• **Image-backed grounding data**

◆ ◆ ◆ ◆

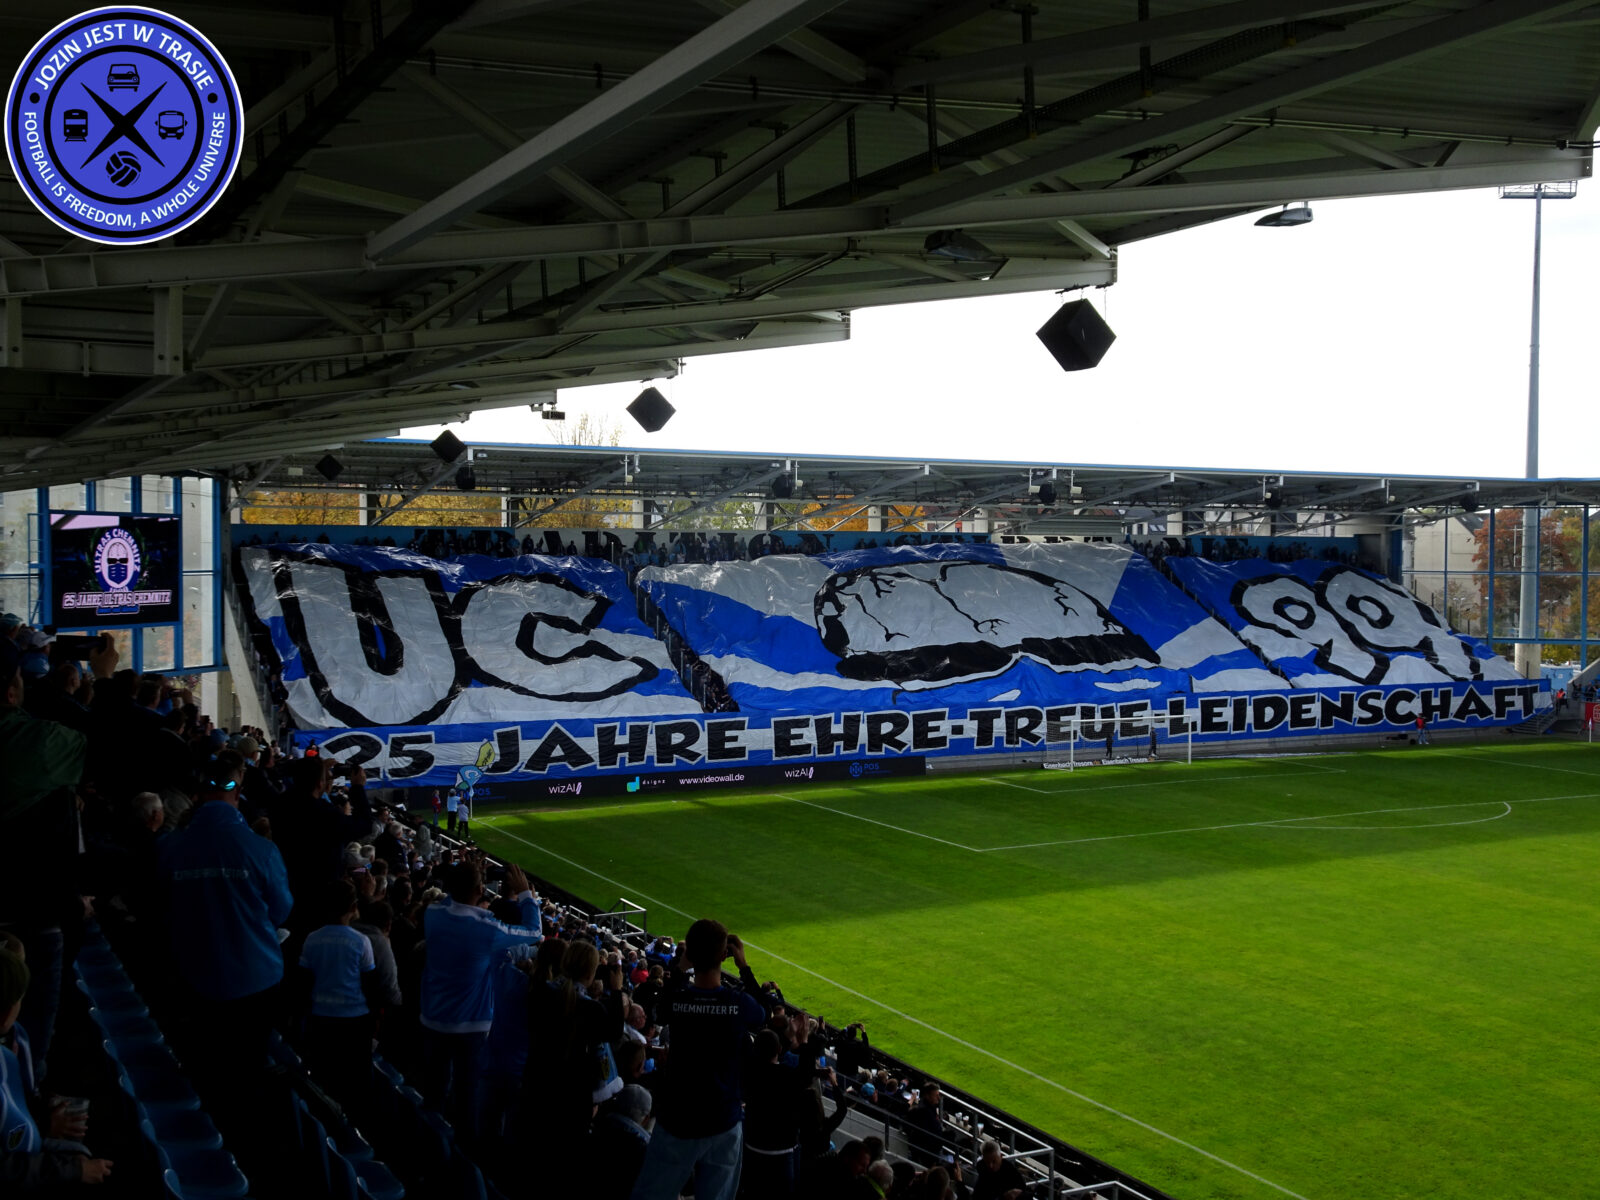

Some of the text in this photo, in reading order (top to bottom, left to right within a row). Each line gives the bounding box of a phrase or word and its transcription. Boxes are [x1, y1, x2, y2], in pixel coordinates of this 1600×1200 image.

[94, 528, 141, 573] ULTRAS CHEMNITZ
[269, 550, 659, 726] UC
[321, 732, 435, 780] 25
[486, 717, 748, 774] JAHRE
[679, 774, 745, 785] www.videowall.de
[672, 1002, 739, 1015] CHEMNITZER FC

◆ ◆ ◆ ◆

• **WHAT YOU WILL DO**
Repeat all the records exactly, images excluded.

• **RESPONSE AREA**
Some of the text in this photo, in reading order (top to bottom, left to right within a row). Each line gives the bounding box of a phrase or word and its transcription. Boxes are [x1, y1, x2, y2], in pixel coordinates of this 1600×1200 image.

[94, 528, 141, 573] ULTRAS CHEMNITZ
[269, 550, 659, 726] UC
[321, 732, 435, 780] 25
[486, 717, 748, 774] JAHRE
[679, 774, 745, 785] www.videowall.de
[672, 1002, 739, 1015] CHEMNITZER FC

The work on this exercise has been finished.